PROBLEM STATEMENT: Restate the records below exactly. Pictures are not part of the copy.

RECORDS SUPPLIED:
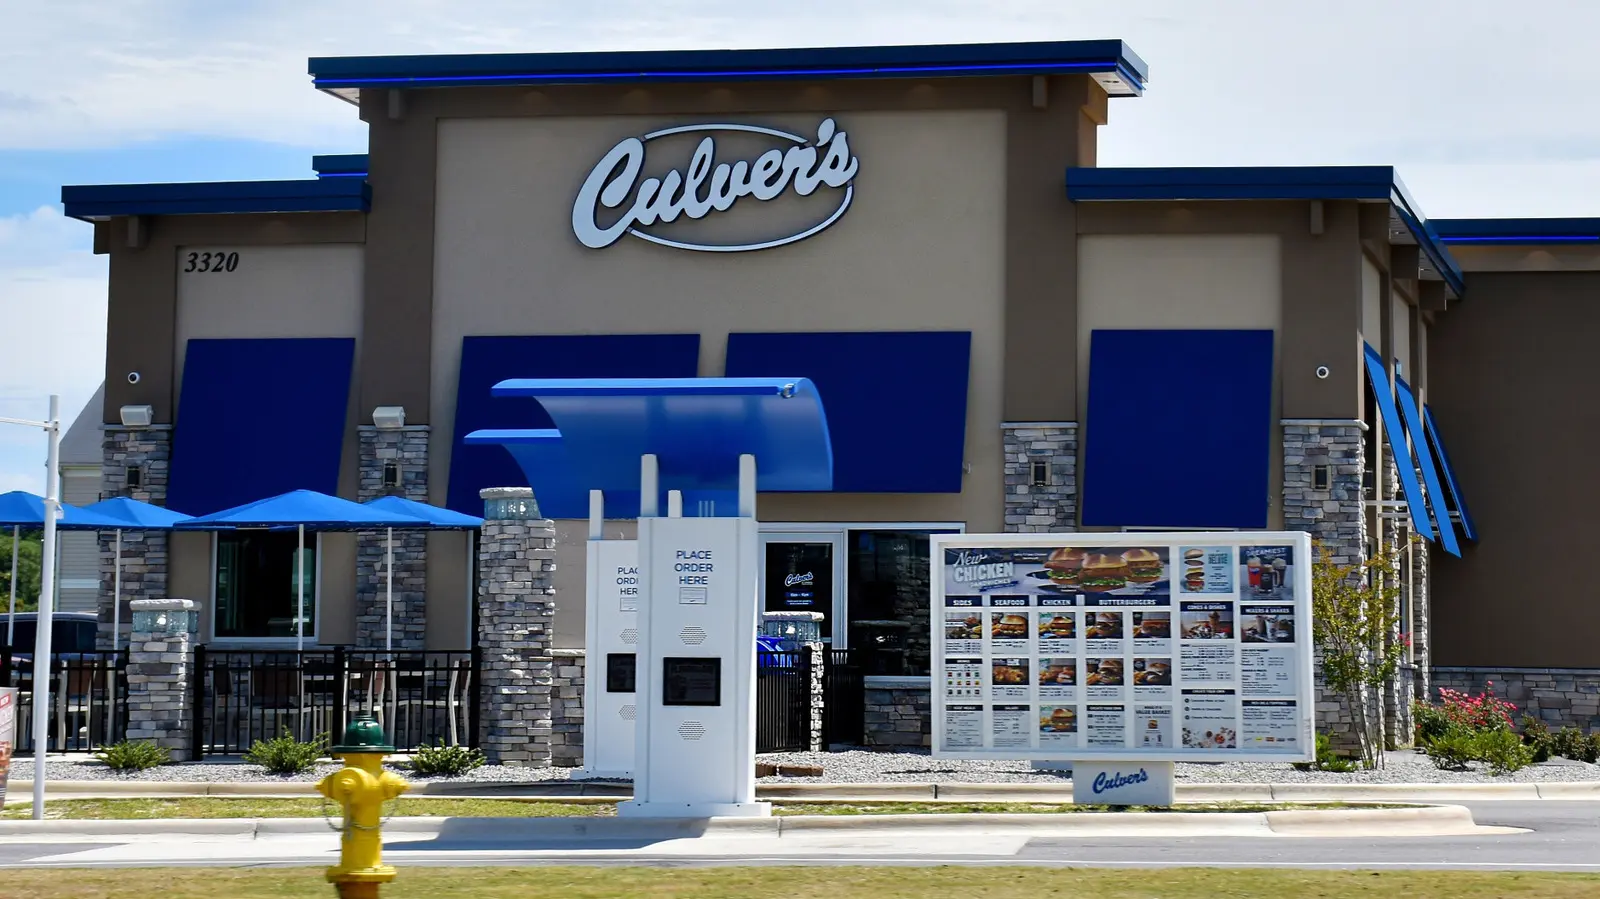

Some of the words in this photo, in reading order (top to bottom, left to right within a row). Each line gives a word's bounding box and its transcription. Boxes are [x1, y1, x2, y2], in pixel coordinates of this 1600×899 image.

[572, 117, 859, 248] Culver's
[184, 252, 239, 272] 3320
[676, 551, 712, 559] PLACE
[953, 552, 987, 567] New
[674, 563, 713, 572] ORDER
[954, 562, 1014, 582] CHICKEN
[679, 576, 708, 584] HERE
[785, 571, 813, 586] Culver's
[1092, 768, 1149, 793] Culver's

ANSWER BELOW:
Some of the words in this photo, in reading order (top to bottom, left to right within a row). Each line gives a word's bounding box and its transcription. Boxes are [x1, y1, x2, y2], in pixel coordinates of this 1600×899 image.

[572, 117, 859, 248] Culver's
[184, 252, 239, 272] 3320
[676, 551, 712, 559] PLACE
[953, 552, 987, 567] New
[674, 563, 713, 572] ORDER
[954, 562, 1014, 582] CHICKEN
[679, 576, 708, 584] HERE
[785, 571, 813, 586] Culver's
[1092, 768, 1149, 793] Culver's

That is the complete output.